We evaluate our paper search agent on both the test set of AutoScholarQuery and RealScholarQuery. We compare PaSa-7b against the following baselines:
-
Google. Use Google to search the query directly.
-
Google Scholar. Queries are submitted directly to Google Scholar.
-
Google with GPT-4o. We first employ GPT-4o to paraphrase the scholar query. The paraphrased query is then searched on Google.
-
ChatGPT. We submit the scholar query to ChatGPT, powered by search-enabled GPT-4o. Due to the need for manual query submission, we evaluate only 100 randomly sampled instances from the AutoScholarQuery test set.
-
GPT-o1. Prompt GPT-o1 to process the scholar query.
-
PaSa-GPT-4o. Prompt GPT-4o within the PaSa framework. It can perform multiple searches, paper reading, and citation network crawling.

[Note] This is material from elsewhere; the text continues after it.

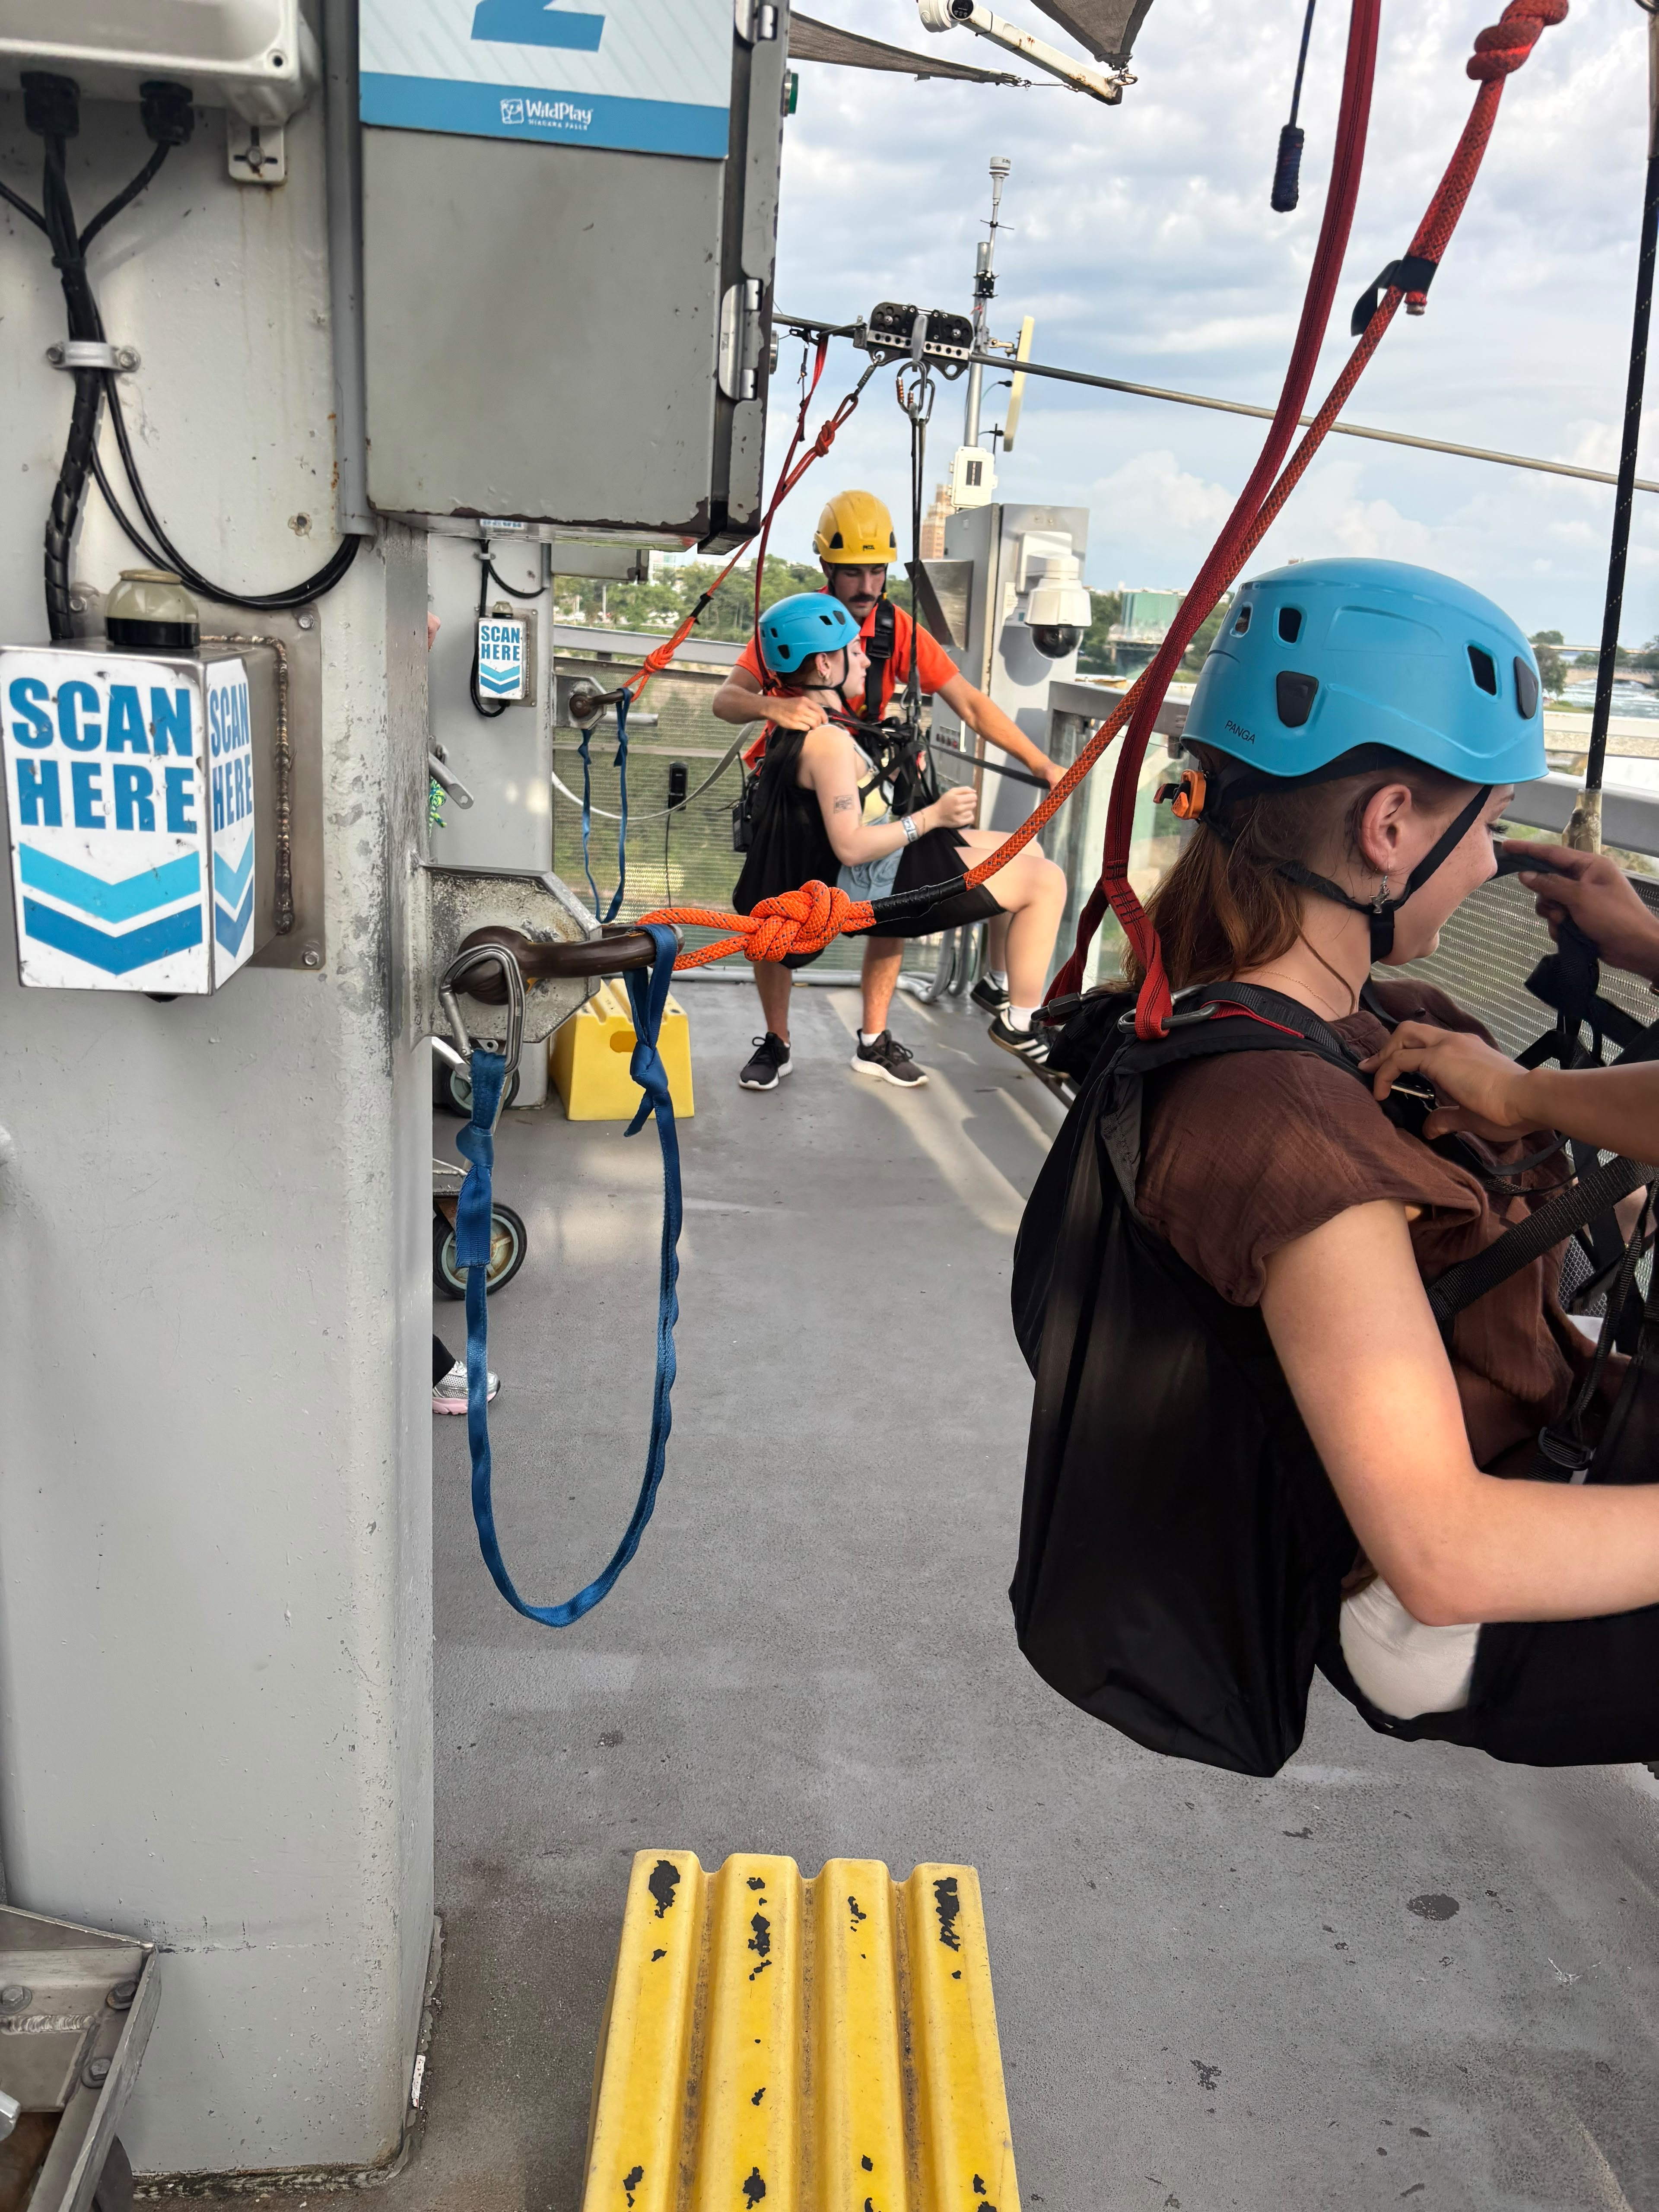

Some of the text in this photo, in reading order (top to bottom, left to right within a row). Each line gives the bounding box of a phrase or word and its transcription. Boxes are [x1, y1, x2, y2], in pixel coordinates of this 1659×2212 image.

As shown in Table 5, PaSa-7b outperforms all baselines on AutoScholarQuery test set. Specifically, compared to the strongest baseline, PaSa-GPT-4o, PaSa-7b demonstrates a 9.64% improvement in recall with comparable precision. Moreover, the recall of the Crawler in PaSa-7b is 3.66% higher than that in PaSa-GPT-4o. When compared to the best Google-based baseline, Google with GPT-4o, PaSa-7b achieves an improvement of 33.80%, 38.83% and 42.64% in Recall@20, Recall@50 and Recall@100, respectively.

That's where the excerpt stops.